- [Problem description]: Give back every line of the data exactly. Pictures are not part of the copy.

-- Data provided follows --

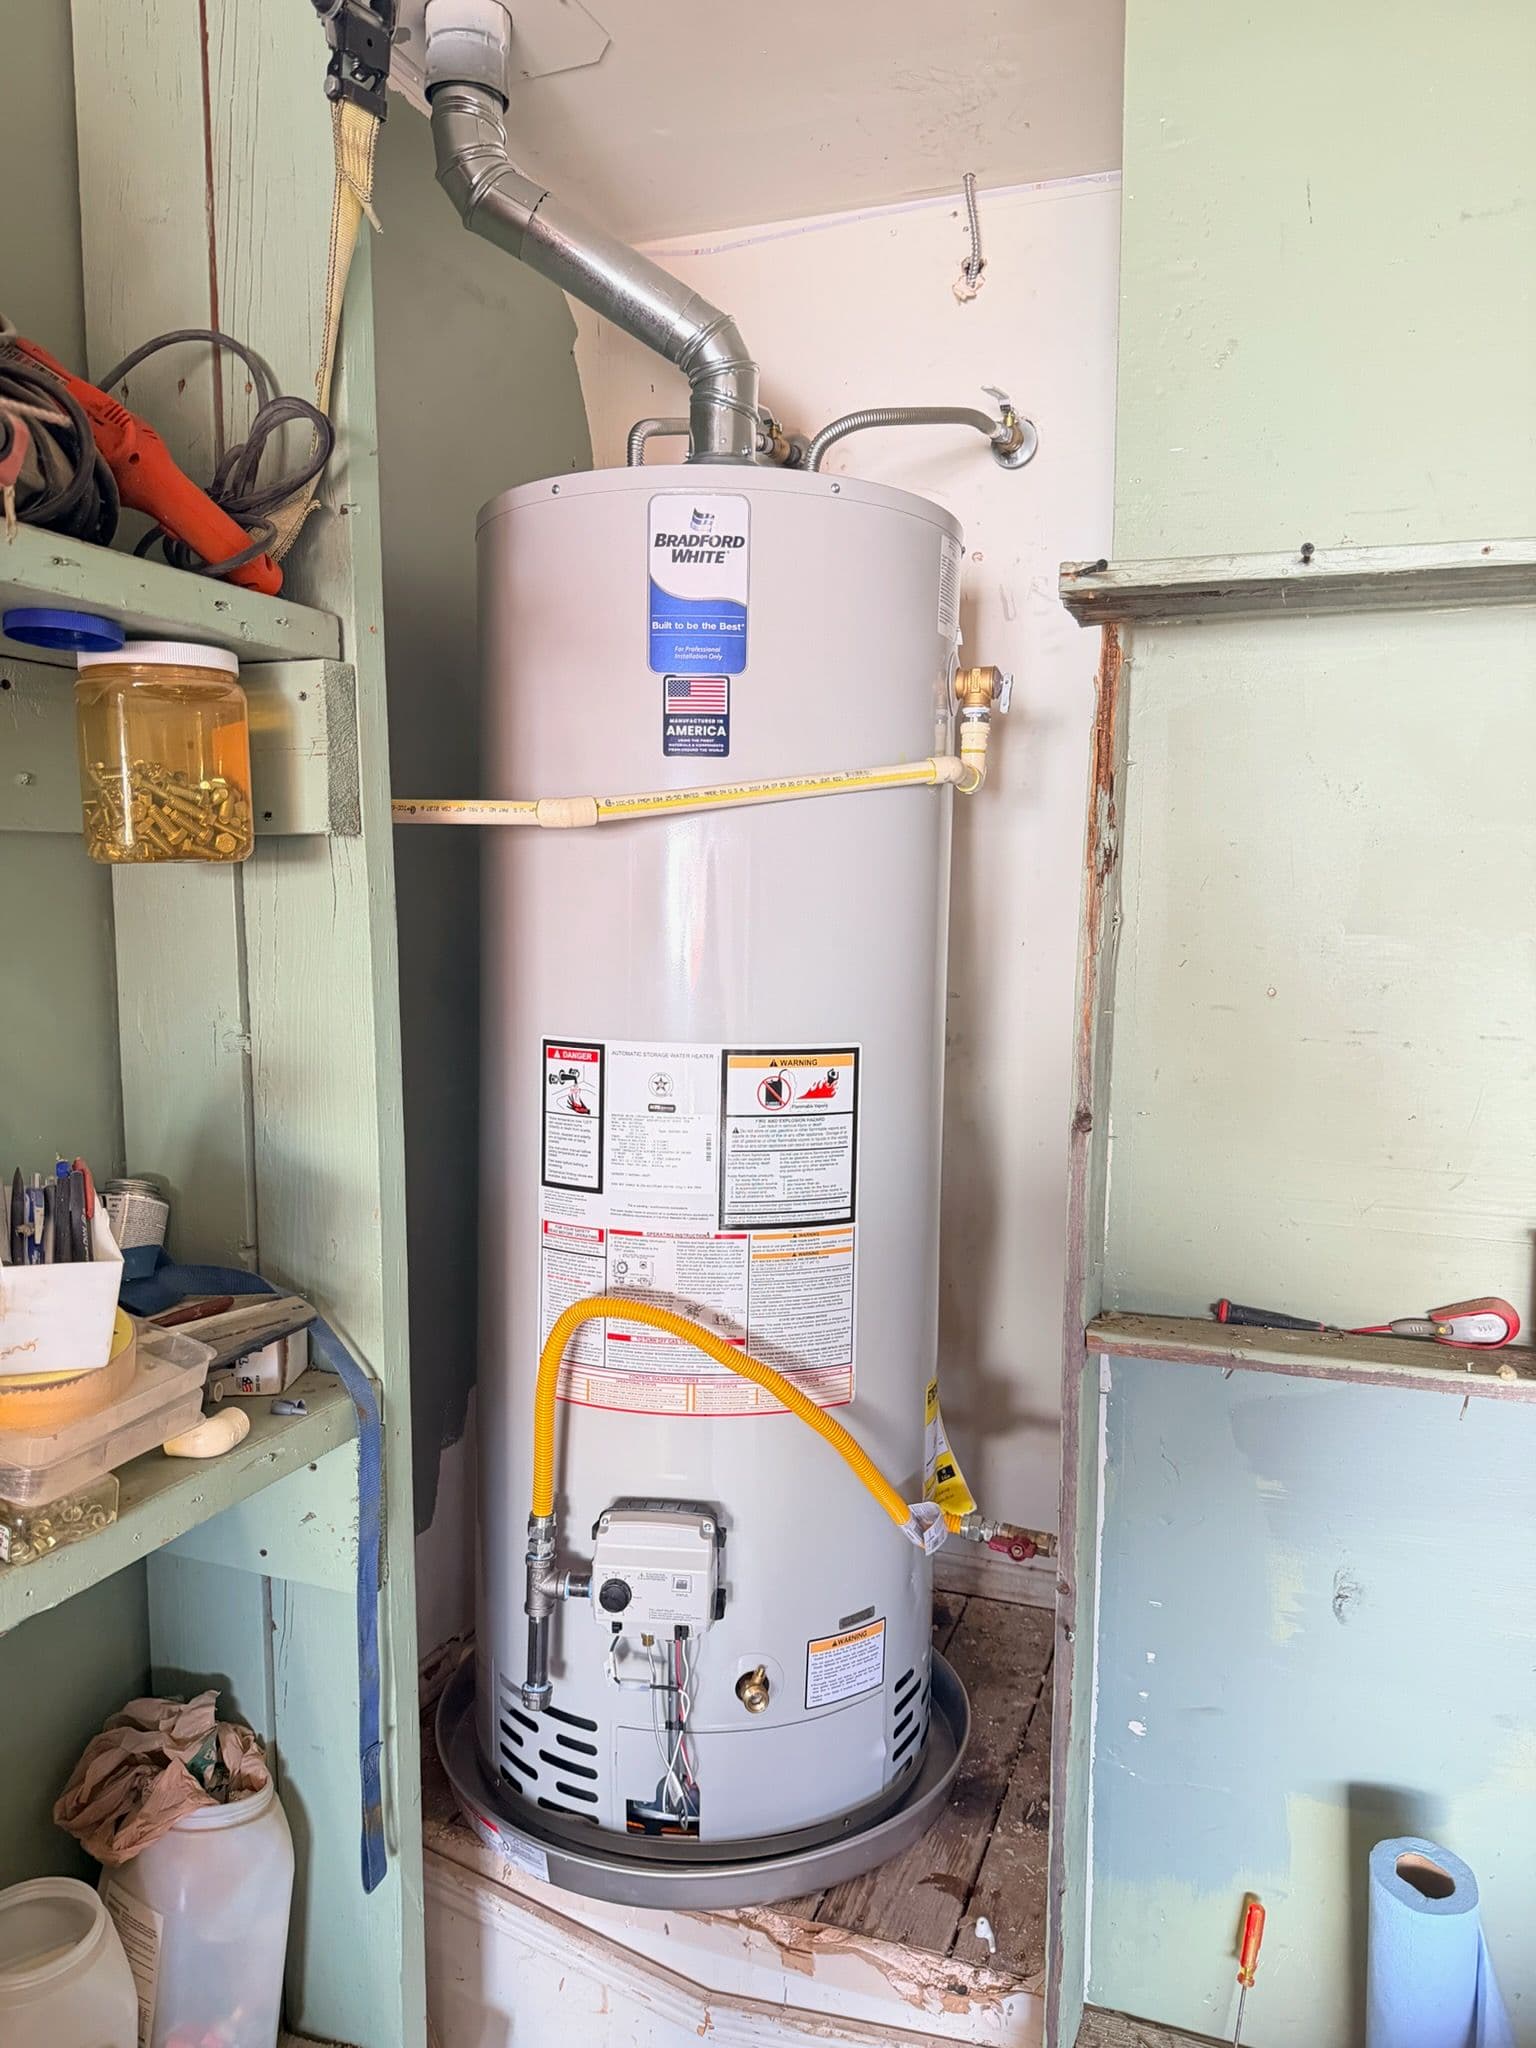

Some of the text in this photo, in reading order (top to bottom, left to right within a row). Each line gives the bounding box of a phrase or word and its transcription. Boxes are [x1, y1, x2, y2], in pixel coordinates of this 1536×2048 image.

[654, 533, 745, 548] BRADFORD
[671, 549, 726, 563] WHITE
[652, 621, 672, 630] Built
[675, 622, 684, 630] to
[686, 622, 698, 630] be
[702, 622, 716, 630] the
[666, 725, 726, 736] AMERICA
[562, 1050, 592, 1060] DANGER
[838, 1630, 867, 1645] WARNING

-- Data provided concluded --

- [Answer for this exercise]:
Some of the text in this photo, in reading order (top to bottom, left to right within a row). Each line gives the bounding box of a phrase or word and its transcription. Boxes are [x1, y1, x2, y2], in pixel coordinates of this 1536×2048 image.

[654, 533, 745, 548] BRADFORD
[671, 549, 726, 563] WHITE
[652, 621, 672, 630] Built
[675, 622, 684, 630] to
[686, 622, 698, 630] be
[702, 622, 716, 630] the
[666, 725, 726, 736] AMERICA
[562, 1050, 592, 1060] DANGER
[838, 1630, 867, 1645] WARNING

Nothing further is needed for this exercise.